== Aim of the task ==
Transcribe each record exactly, but omit pictures.

++++ Extracted material

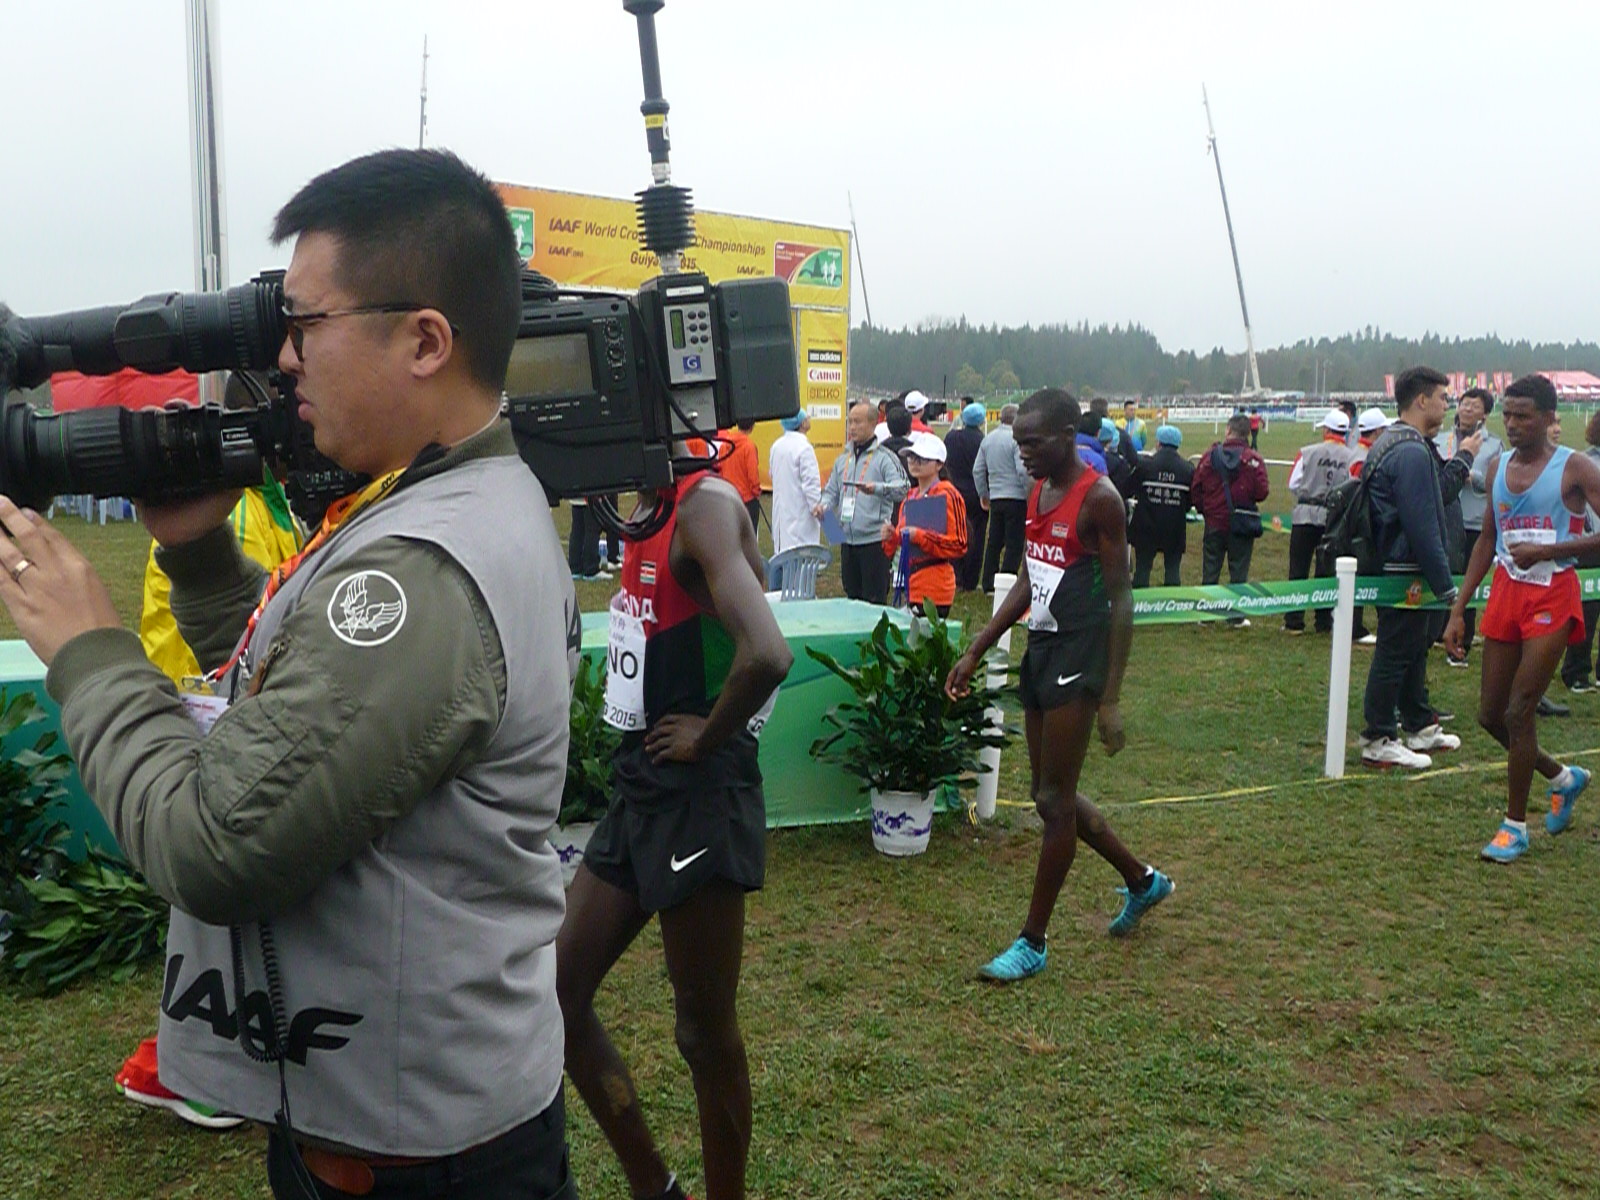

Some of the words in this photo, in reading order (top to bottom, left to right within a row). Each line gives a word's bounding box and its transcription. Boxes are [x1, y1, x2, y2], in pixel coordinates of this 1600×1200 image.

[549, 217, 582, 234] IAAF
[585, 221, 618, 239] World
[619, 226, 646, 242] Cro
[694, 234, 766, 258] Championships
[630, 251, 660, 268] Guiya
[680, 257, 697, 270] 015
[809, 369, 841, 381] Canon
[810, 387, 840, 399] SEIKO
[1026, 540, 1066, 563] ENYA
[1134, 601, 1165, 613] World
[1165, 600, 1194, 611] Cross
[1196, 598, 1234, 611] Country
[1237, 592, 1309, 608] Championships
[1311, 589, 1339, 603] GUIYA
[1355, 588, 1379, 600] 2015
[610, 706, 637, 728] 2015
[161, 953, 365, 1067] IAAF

++++++++

== Solution to this exercise ==
Some of the words in this photo, in reading order (top to bottom, left to right within a row). Each line gives a word's bounding box and its transcription. Boxes are [x1, y1, x2, y2], in pixel coordinates of this 1600×1200 image.

[549, 217, 582, 234] IAAF
[585, 221, 618, 239] World
[619, 226, 646, 242] Cro
[694, 234, 766, 258] Championships
[630, 251, 660, 268] Guiya
[680, 257, 697, 270] 015
[809, 369, 841, 381] Canon
[810, 387, 840, 399] SEIKO
[1026, 540, 1066, 563] ENYA
[1134, 601, 1165, 613] World
[1165, 600, 1194, 611] Cross
[1196, 598, 1234, 611] Country
[1237, 592, 1309, 608] Championships
[1311, 589, 1339, 603] GUIYA
[1355, 588, 1379, 600] 2015
[610, 706, 637, 728] 2015
[161, 953, 365, 1067] IAAF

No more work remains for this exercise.